蛇毒组学与抗毒素组学：蛋白质组学技术在抗蛇毒血清效价评估中的应用

张皓冰，陈慧慧，文 琳，孙 妍，赵红燕，高建芳

(杭州师范大学生命与环境科学学院，浙江 杭州 311121)

蛇毒是由肽类与蛋白质构成的混合物，是有毒蛇类重要的捕食与防御敌害的生化武器[1-2].蛇毒的组成与含量存在较大的种内、种间差异，如眼镜蛇科物种的蛇毒主要含有三指结构毒素(3FTx)与磷脂酶A2(PLA2)等组分，蝰科物种的蛇毒主要含有金属蛋白酶(SVMP)、磷脂酶A2与丝氨酸蛋白酶(SVSP)等组分；同种不同年龄、性别、季节和地理等来源的蛇毒在组分的相对含量上也会存在不同程度的差异[2].得益于蛋白质组学技术的飞速发展，系统阐释蛇毒蛋白组构成特征的全貌，推进蛇毒的进化机制与功能解释深度、蛇伤的精准化诊疗以及天然活性药物的挖掘，成为当前蛇毒组学研究工作兴起的重要内容.蛇毒组学研究策略的构建以及大规模研究结果的报道为抗蛇毒血清制备策略的优化完善以及效价评估新方法的构建提供了基础.

1 蛇毒组学研究的兴起与研究策略的发展

自1994年澳大利亚学者Wilkins和Williams提出“蛋白质组学”概念[3]以来，人们开始不断尝试各种方法分离并鉴定复杂混合蛋白样品中的组分，进而表征整个蛋白样品的组成、相对含量以及结构特点等信息.随着蛋白组学技术的成熟，尤其是质谱鉴定方法，高通量表征复杂蛋白样品的研究变得日益广泛，全球范围有关蛇毒组成的研究也同样获得了一次新的发展.2004年，Calvete实验室开创性地提出了“蛇毒组学(snake venomics)”[4]研究思路与策略，并于2007年启动大范围蛇毒组学研究计划项目[5].至今，在全球科学家的共同努力下，已完成200多种蛇毒全蛋白组构成特征的解析.

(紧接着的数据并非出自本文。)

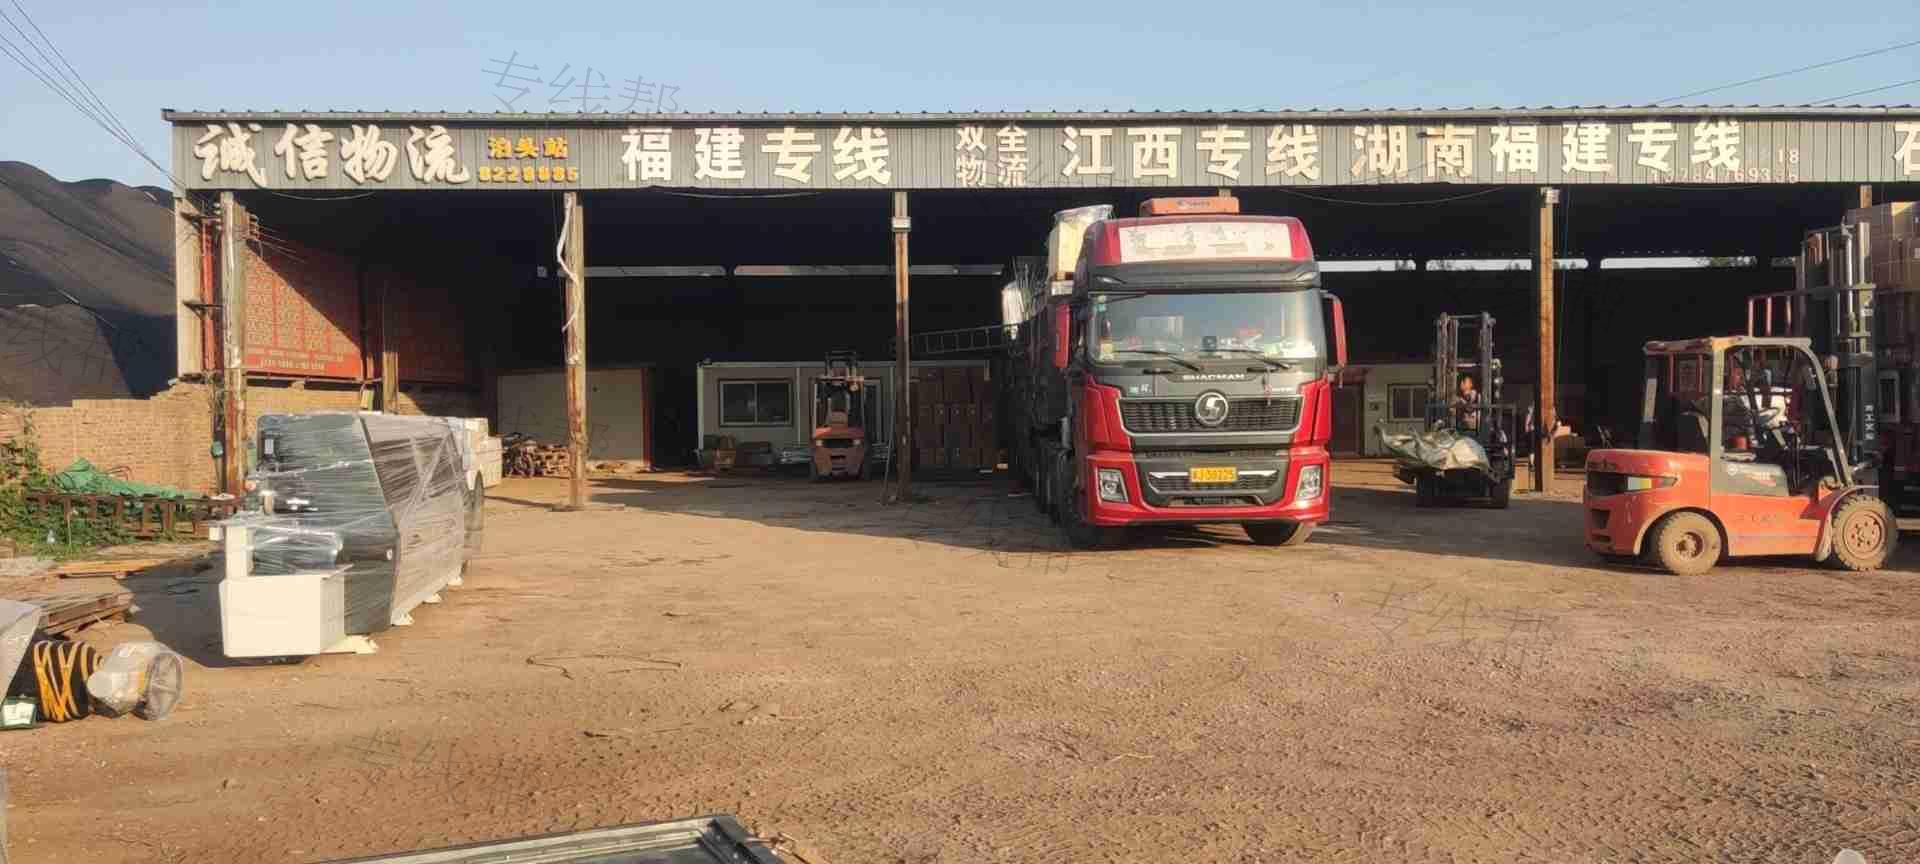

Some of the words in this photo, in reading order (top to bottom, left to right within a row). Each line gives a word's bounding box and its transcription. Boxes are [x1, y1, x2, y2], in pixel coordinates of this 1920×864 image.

蛇毒组学研究策略一般涉及蛇毒的分离与高通量鉴定方法的优化组合，当前主要遵循的是自下而上(bottom-up)的方法组合(图1).其中，分离方法主要涉及基于凝胶(gel-based)的电泳技术和无凝胶(gel-free)的层析技术两大类.一般来说，以分子量大小为分离基础的十二烷基硫酸钠-聚丙烯酰胺凝胶电泳(SDS-PAGE，也即一维电泳)和以等电点结合分子量大小为分离基础的二维电泳(2-DE，也称双向电泳)是两种主要分离蛇毒蛋白的电泳方法.前者无论操作还是设备，均较为简单，作为主要或辅助手段在蛇毒蛋白分离中至今被广泛使用；后者在蛇毒蛋分离中的应用始于1998年，由Rioux首次从二维尺度上比较了蓝灰扁尾海蛇(Laticaudacolubrina)和陆栖圆斑蝰(Viperarusselli)蛇毒蛋白构成特征的差异[6].由于设备条件的限制，二维电泳在蛇毒蛋白分离研究中的应用远没有一维电泳来得广泛，且在过去的10年中正逐渐被研究者遗忘.此外，凝胶电泳不易表征等电点与分子量极端的蛇毒蛋白，且对低丰度组分的分辨能力也存在较大的局限性.层析技术被认为在一定程度上可弥补凝胶电泳的不足，且可实现不同规模的蛇毒组分分离要求.其中，凝胶排阻(GF)、离子交换(IEX)和亲和吸附(AF)为主的低压液相层析(FPLC)以及疏水分离为基础的反相高效液相层析(RP-HPLC)技术伴随着设备的迭代，自动化水平获得了极大提升，在蛇毒活性成分的分离纯化研究中已成为常规手段.不过，单纯依靠层析技术，在蛇毒分离中同样会存在不足.2004年，Li等以4种不同的组合方法(GF+2-DE、GF+酶解+RP-HPLC、酶解+RP-HPLC和SDS-PAGE+酶解+RP-HPLC)分离并鉴定短尾蝮蛇毒和舟山眼镜蛇毒发现，不同方法所解析的蛇毒蛋白组构成特征存在较大差异，方法间的相互组合可能有助于提高蛇毒蛋白的分离效果[7].事实上，在过去10余年中兴起的蛇毒组学研究工作正是大范围采用了RP-HPLC与SDS-PAGE技术组合以实现质谱前蛇毒蛋白的分离(图1B-C)[5,8]，并辐射至其他生物毒素组学的研究工作[9-10].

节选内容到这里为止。